TASK REQUIREMENTS: Please report each line of the data below that contains "COLDS".

DATASET CONTENT:
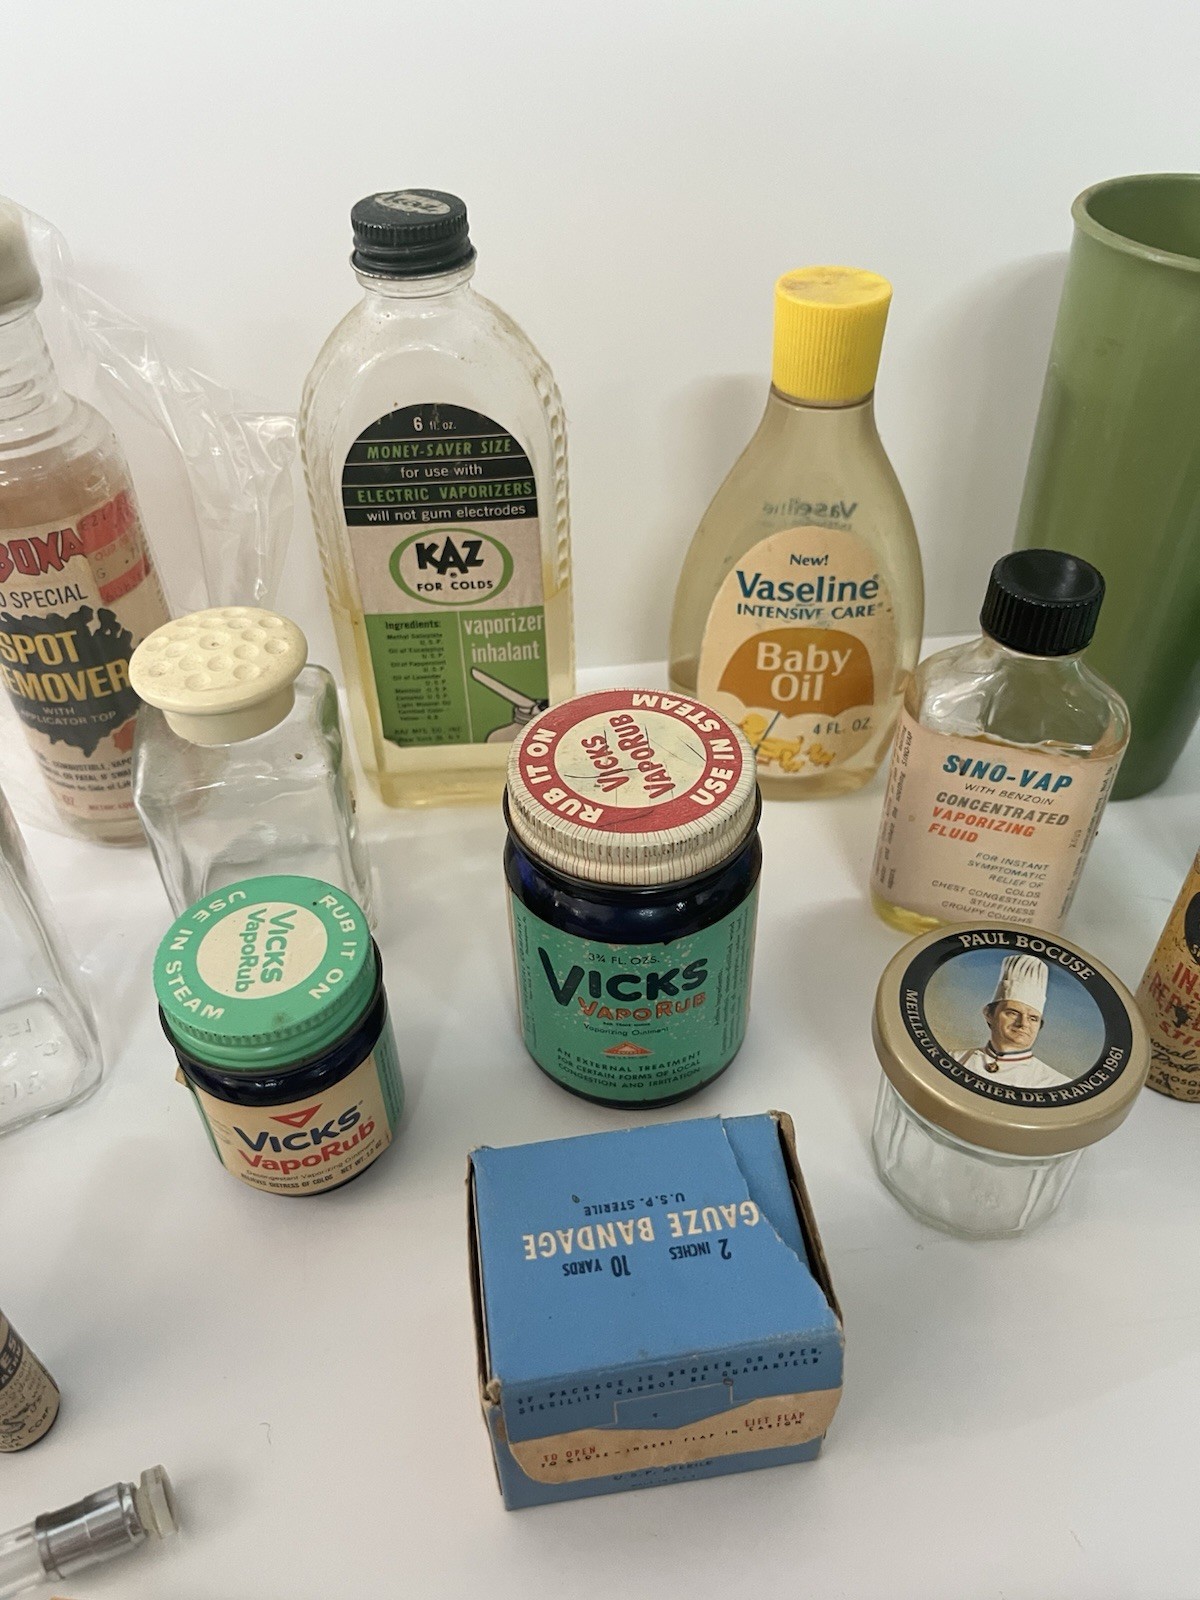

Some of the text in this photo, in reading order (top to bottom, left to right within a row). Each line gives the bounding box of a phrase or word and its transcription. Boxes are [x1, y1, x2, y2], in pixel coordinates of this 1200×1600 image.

[413, 416, 423, 431] 6
[442, 422, 457, 430] oz.
[367, 438, 512, 459] MONEY-SAVER SIZE
[400, 463, 483, 478] for use with
[357, 482, 532, 503] ELECTRIC VAPORIZERS
[367, 504, 526, 522] will not gum electrodes
[0, 527, 88, 583] BONA
[415, 536, 485, 575] KAZ
[790, 554, 829, 566] New!
[10, 583, 88, 609] SPECIAL
[417, 580, 494, 592] FOR COLDS
[736, 570, 879, 603] Vaseline
[831, 604, 876, 619] CARE
[386, 620, 442, 631] Ingredients:
[464, 612, 544, 639] vaporizer
[0, 629, 80, 667] SPOT
[472, 640, 540, 664] inhalant
[756, 641, 852, 677] Baby
[1, 657, 131, 705] EMOVER
[770, 673, 824, 702] Oil
[42, 706, 76, 716] WITH
[90, 710, 118, 723] TOP
[812, 722, 822, 735] 4
[609, 714, 676, 799] VAPORUB
[631, 693, 735, 806] USE IN STEAM
[901, 730, 914, 767] SINO-VAP
[526, 728, 604, 824] RUB IT ON
[581, 735, 630, 793] VICKS
[942, 754, 1073, 794] SINO-VAP
[964, 782, 1055, 806] WITH BENZOIN
[932, 806, 1036, 838] VAPORIZING
[936, 791, 1070, 826] CONCENTRATED
[928, 822, 979, 843] FLUID
[967, 859, 1047, 880] SYMPTOMATIC
[976, 852, 1050, 871] FOR INSTANT
[931, 880, 1038, 907] CHEST CONGESTION
[988, 874, 1027, 888] RELIEF
[1005, 887, 1041, 898] COLDS
[941, 900, 1034, 924] CROUPY COUGHS
[969, 898, 1036, 916] STUFFINESS
[166, 890, 247, 1020] USE IN STEAM
[234, 908, 268, 993] VapoRub
[260, 909, 298, 984] VICKS
[308, 894, 358, 1000] RUB IT ON
[958, 932, 1096, 981] PAUL BOCUSE
[611, 956, 627, 965] FL.
[630, 956, 661, 966] OZS.
[538, 946, 708, 1007] VICKS
[578, 992, 706, 1022] VAPORUB
[583, 1023, 628, 1037] Vaporizing
[631, 1026, 669, 1036] Ointment
[905, 988, 941, 1058] MEILLEUR
[938, 1056, 1017, 1101] OUVRIER
[1020, 1091, 1046, 1104] DE
[1048, 1070, 1112, 1102] FRANCE
[1102, 1046, 1124, 1073] 1961
[556, 1048, 701, 1072] AN EXTERNAL TREATMENT
[557, 1054, 701, 1081] FOR CERTAIN FORMS OF LOCAL
[558, 1063, 617, 1088] CONGESTION
[622, 1081, 645, 1089] AND
[1158, 1068, 1200, 1088] MOSQ
[232, 1105, 363, 1153] VICKS
[237, 1118, 376, 1176] VapoRub
[300, 1162, 344, 1179] Vaporizing
[584, 1192, 686, 1217] U.S.P. STERILE
[522, 1200, 760, 1261] GAUZE BANDAGE
[562, 1238, 732, 1278] 2 INCHES 10 YARDS
[518, 1356, 820, 1415] STERILITY CANNOT BE GUARANTEED
[549, 1380, 624, 1399] PACKAGE
[668, 1360, 732, 1378] BROKEN
[744, 1411, 806, 1428] LIFT FLAP
[543, 1446, 597, 1462] TO OPEN

EXERCISE ANSWER:
[417, 580, 494, 592] FOR COLDS
[1005, 887, 1041, 898] COLDS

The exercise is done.